## What you will do:
Whenever a picture appears, leave it out while repeating all the other data exactly.

## Data for this task:
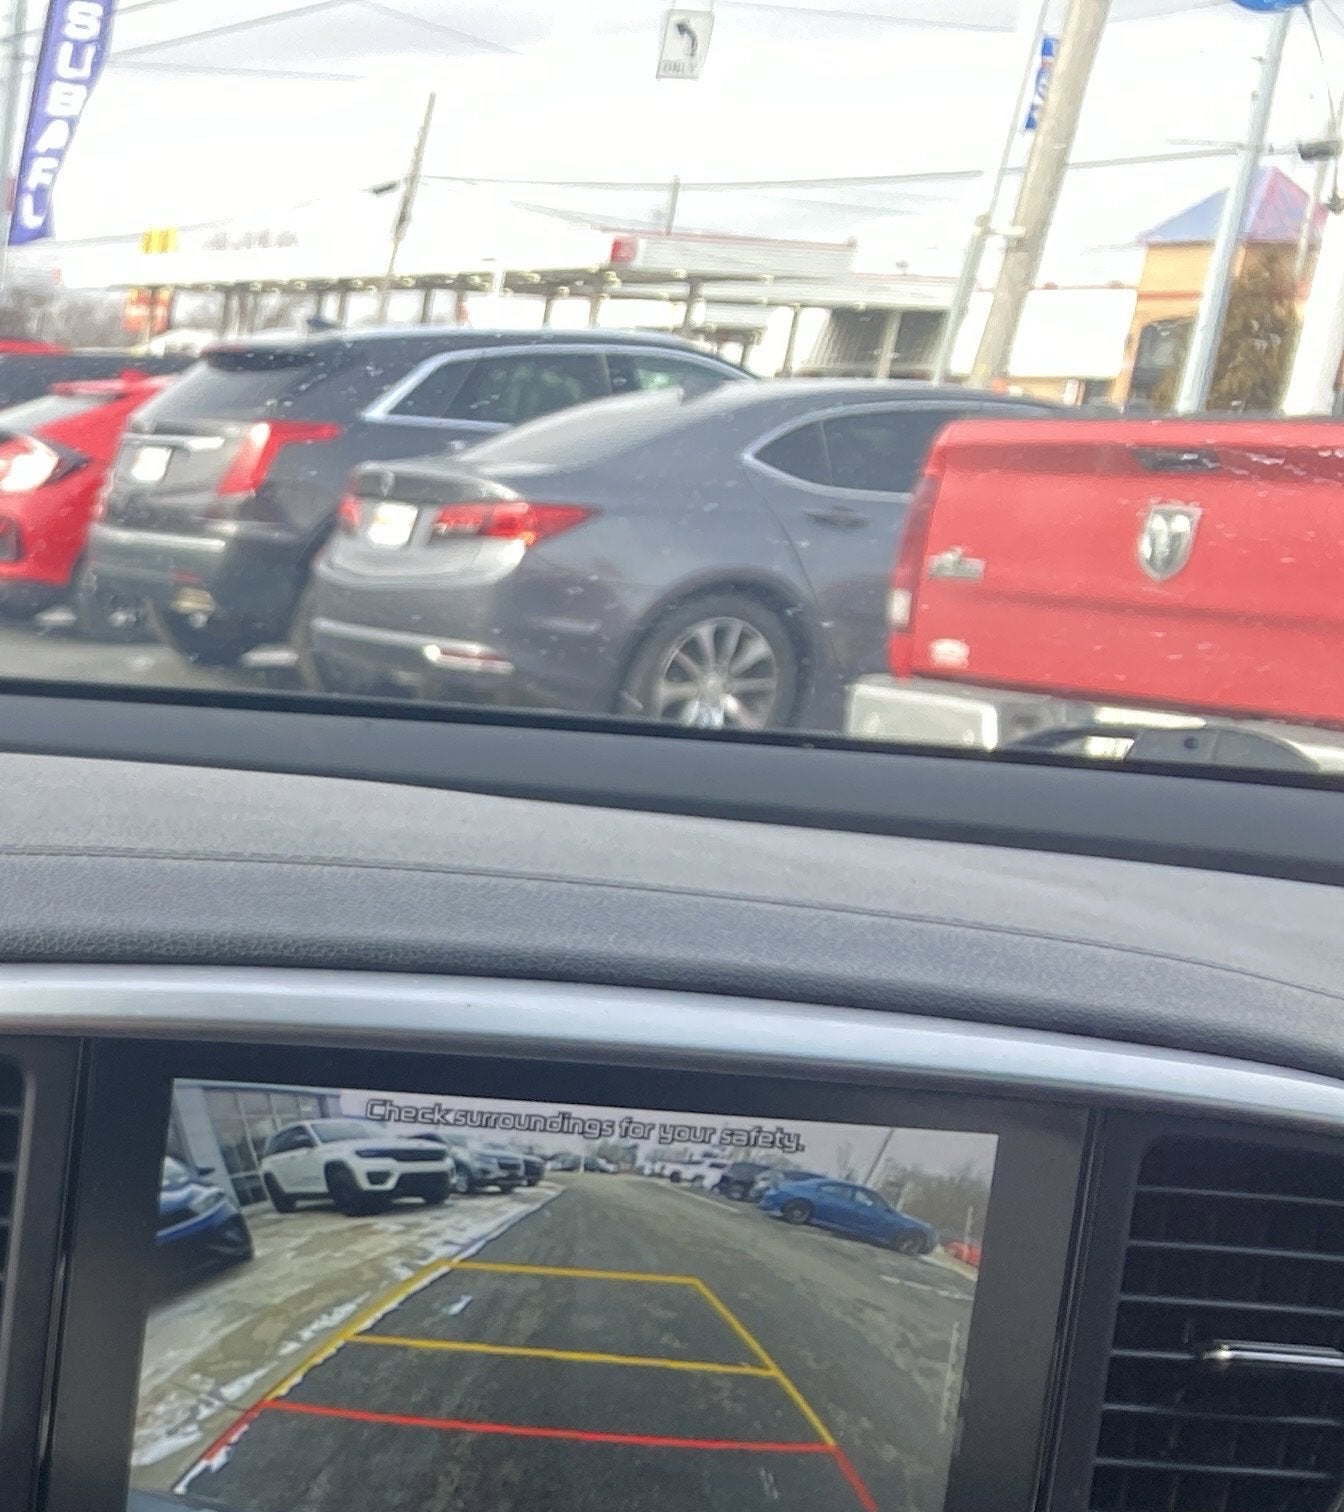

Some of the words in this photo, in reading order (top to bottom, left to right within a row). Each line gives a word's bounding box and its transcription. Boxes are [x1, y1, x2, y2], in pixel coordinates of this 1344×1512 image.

[365, 1099, 450, 1125] Check
[451, 1109, 613, 1139] surroundings
[619, 1118, 654, 1140] for
[658, 1121, 714, 1146] your
[718, 1127, 806, 1154] safety.
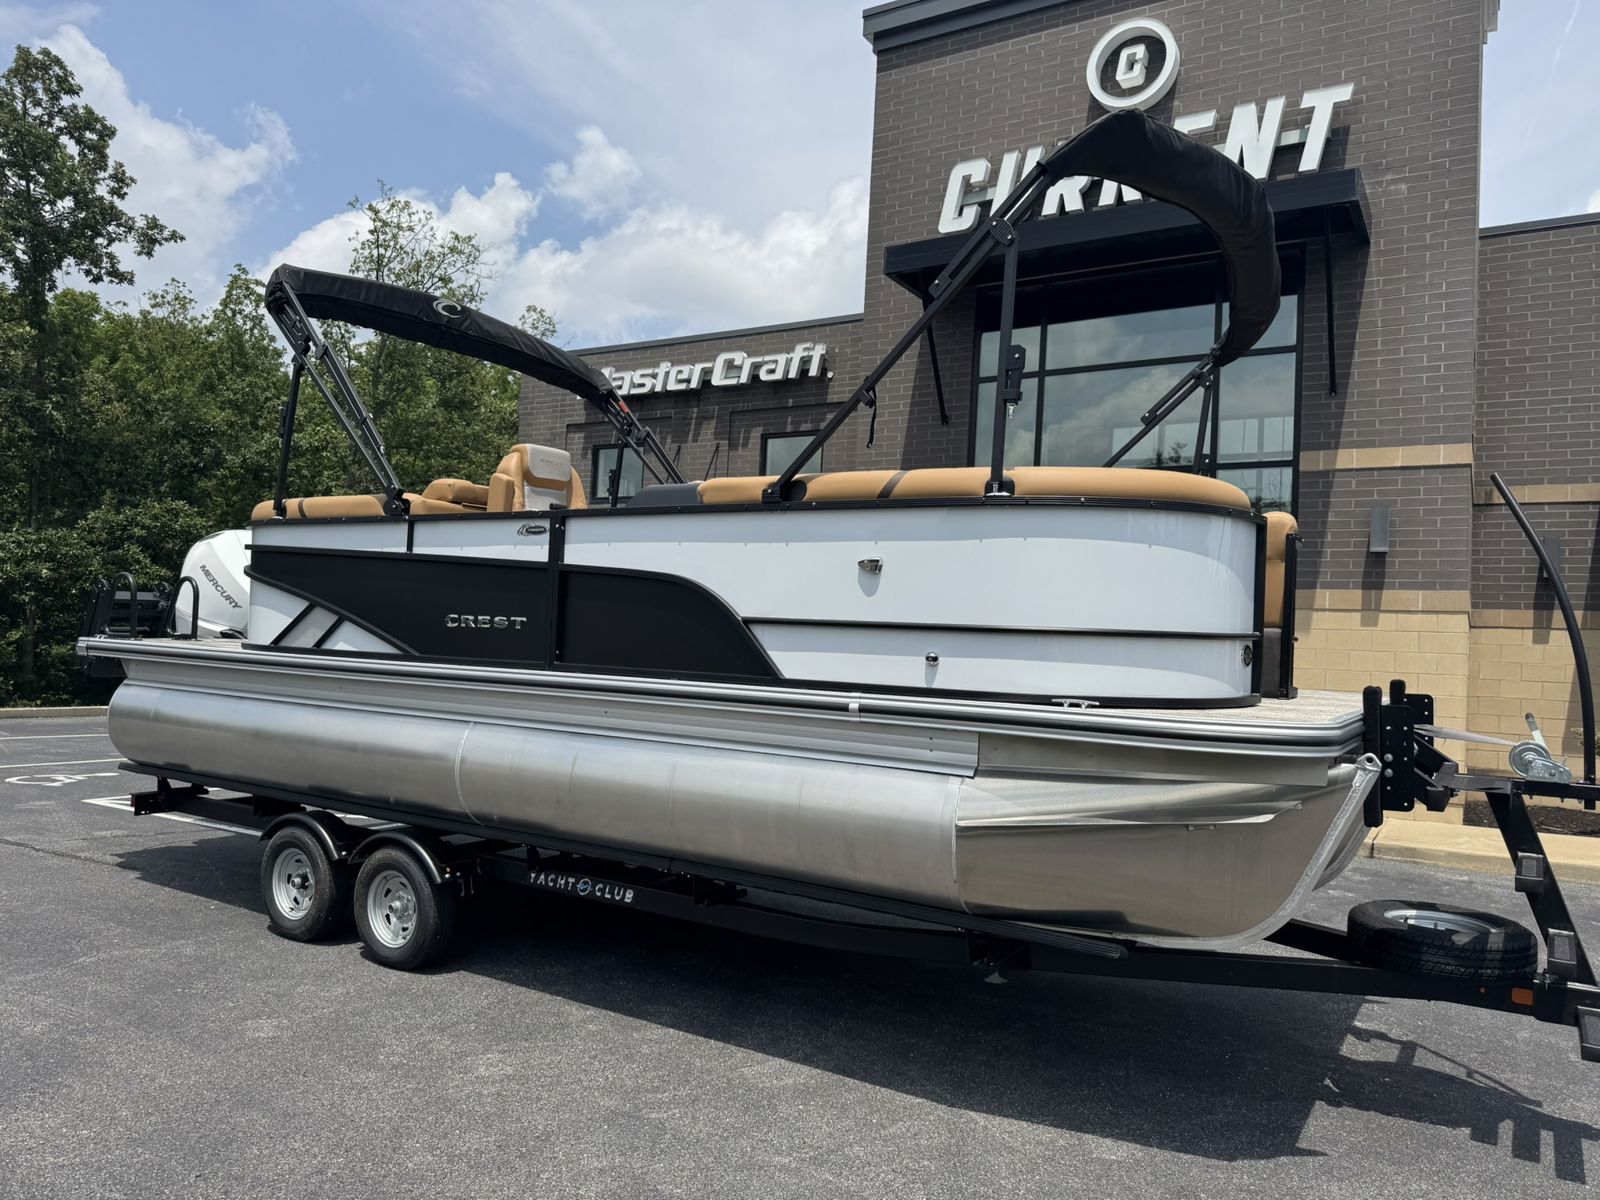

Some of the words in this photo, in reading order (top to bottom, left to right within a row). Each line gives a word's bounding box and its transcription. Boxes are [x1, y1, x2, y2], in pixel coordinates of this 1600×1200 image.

## Your response:
Some of the words in this photo, in reading order (top to bottom, left to right within a row). Each line gives a word's bounding box and its transcription. Boxes are [x1, y1, x2, y2], in pixel coordinates of this 1344×1512 image.

[365, 1099, 450, 1125] Check
[451, 1109, 613, 1139] surroundings
[619, 1118, 654, 1140] for
[658, 1121, 714, 1146] your
[718, 1127, 806, 1154] safety.

Some of the words in this photo, in reading order (top to bottom, left to right within a row). Each line gives a word's bounding box and its transcription. Boxes are [x1, y1, x2, y2], in pixel coordinates of this 1600×1200 image.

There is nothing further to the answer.